• _Task input_
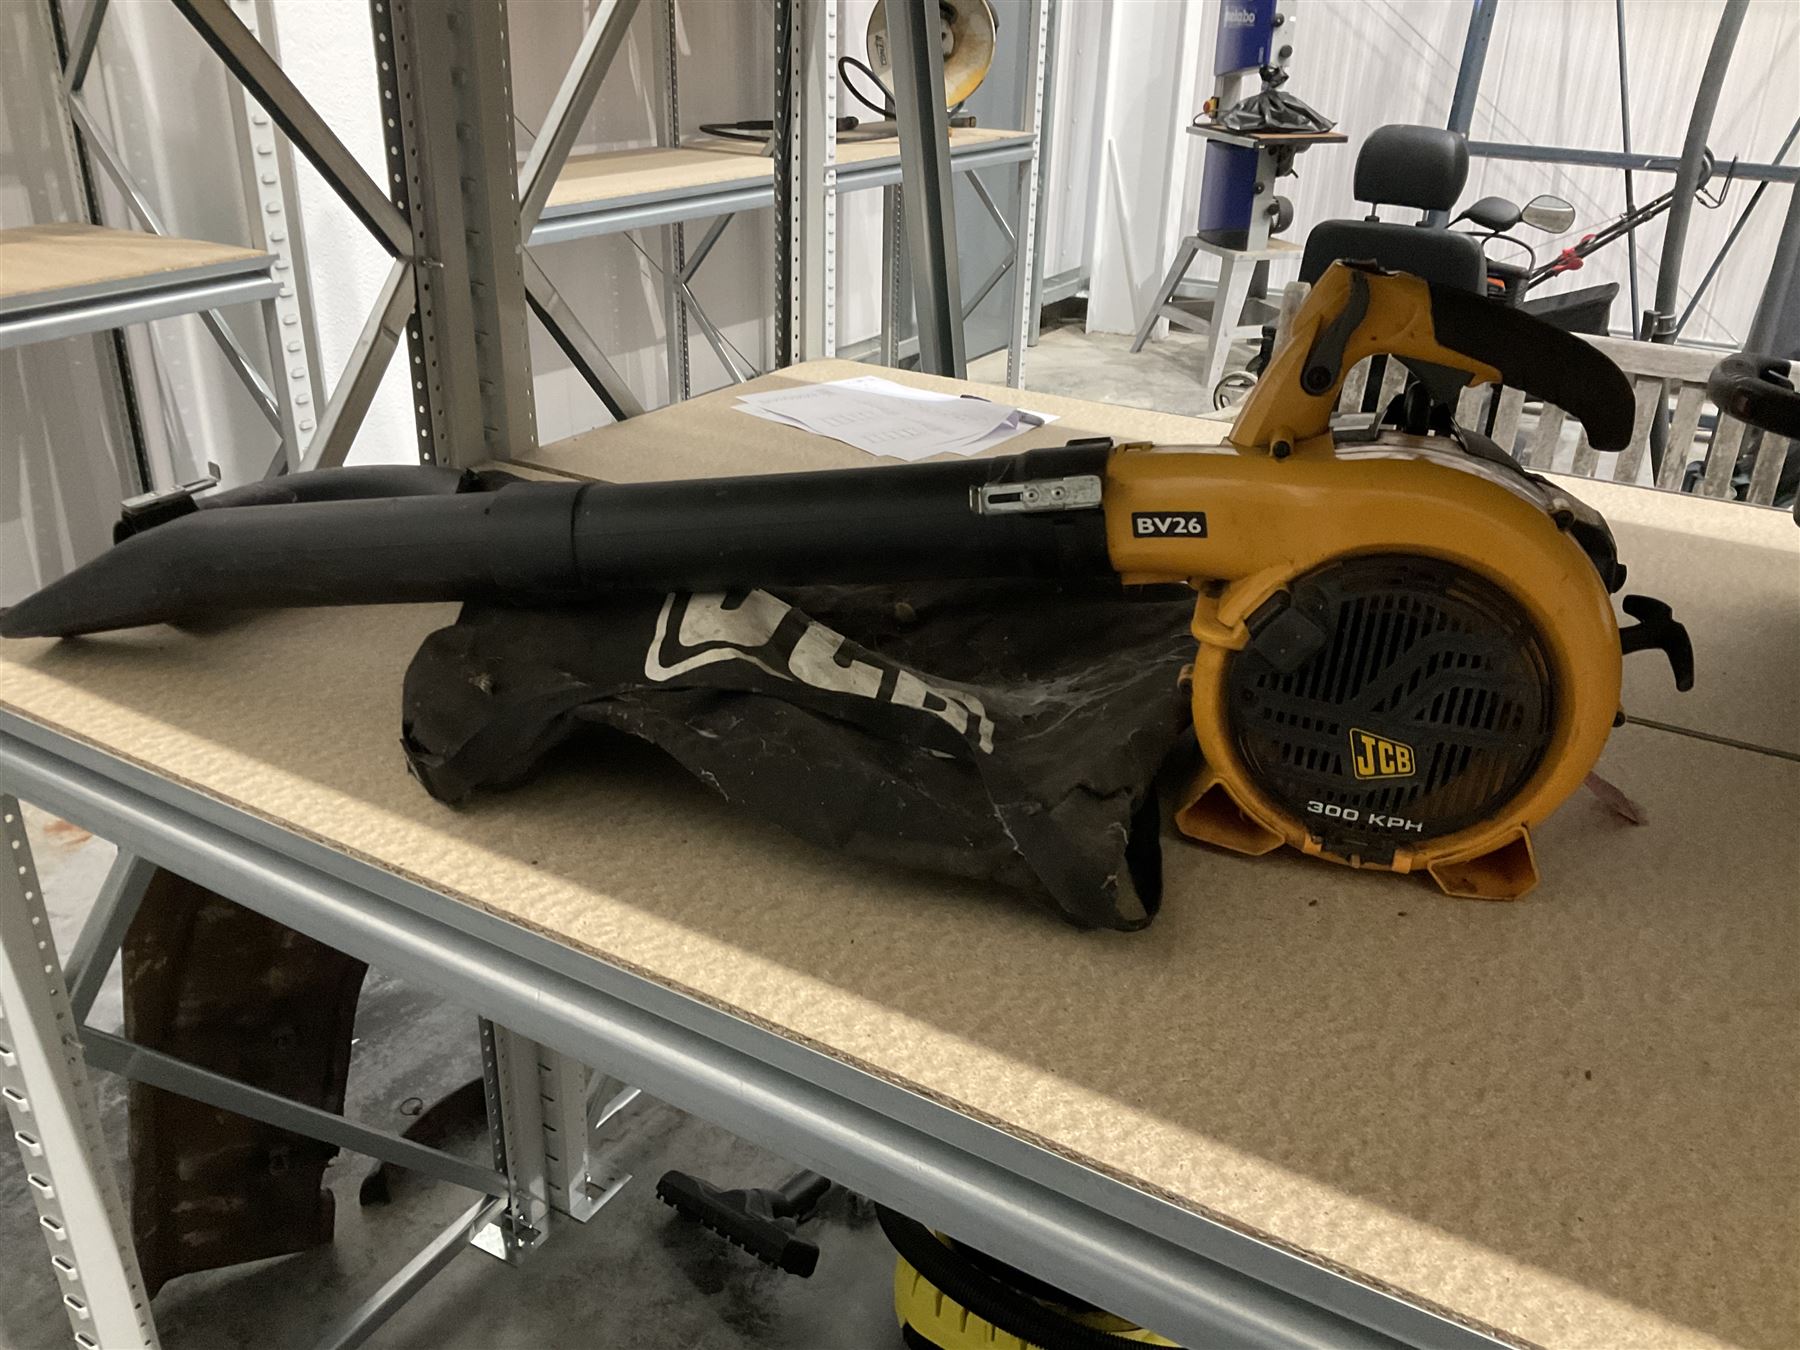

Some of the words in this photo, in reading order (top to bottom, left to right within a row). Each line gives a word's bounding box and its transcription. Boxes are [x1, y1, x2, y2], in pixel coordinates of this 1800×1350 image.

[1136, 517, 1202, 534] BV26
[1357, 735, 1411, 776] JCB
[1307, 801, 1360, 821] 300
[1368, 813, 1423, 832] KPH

• _Work task_
Repeat the whole listing above word for word, but keep any picture out of it.

• _Task answer_
Some of the words in this photo, in reading order (top to bottom, left to right within a row). Each line gives a word's bounding box and its transcription. Boxes are [x1, y1, x2, y2], in pixel coordinates of this 1800×1350 image.

[1136, 517, 1202, 534] BV26
[1357, 735, 1411, 776] JCB
[1307, 801, 1360, 821] 300
[1368, 813, 1423, 832] KPH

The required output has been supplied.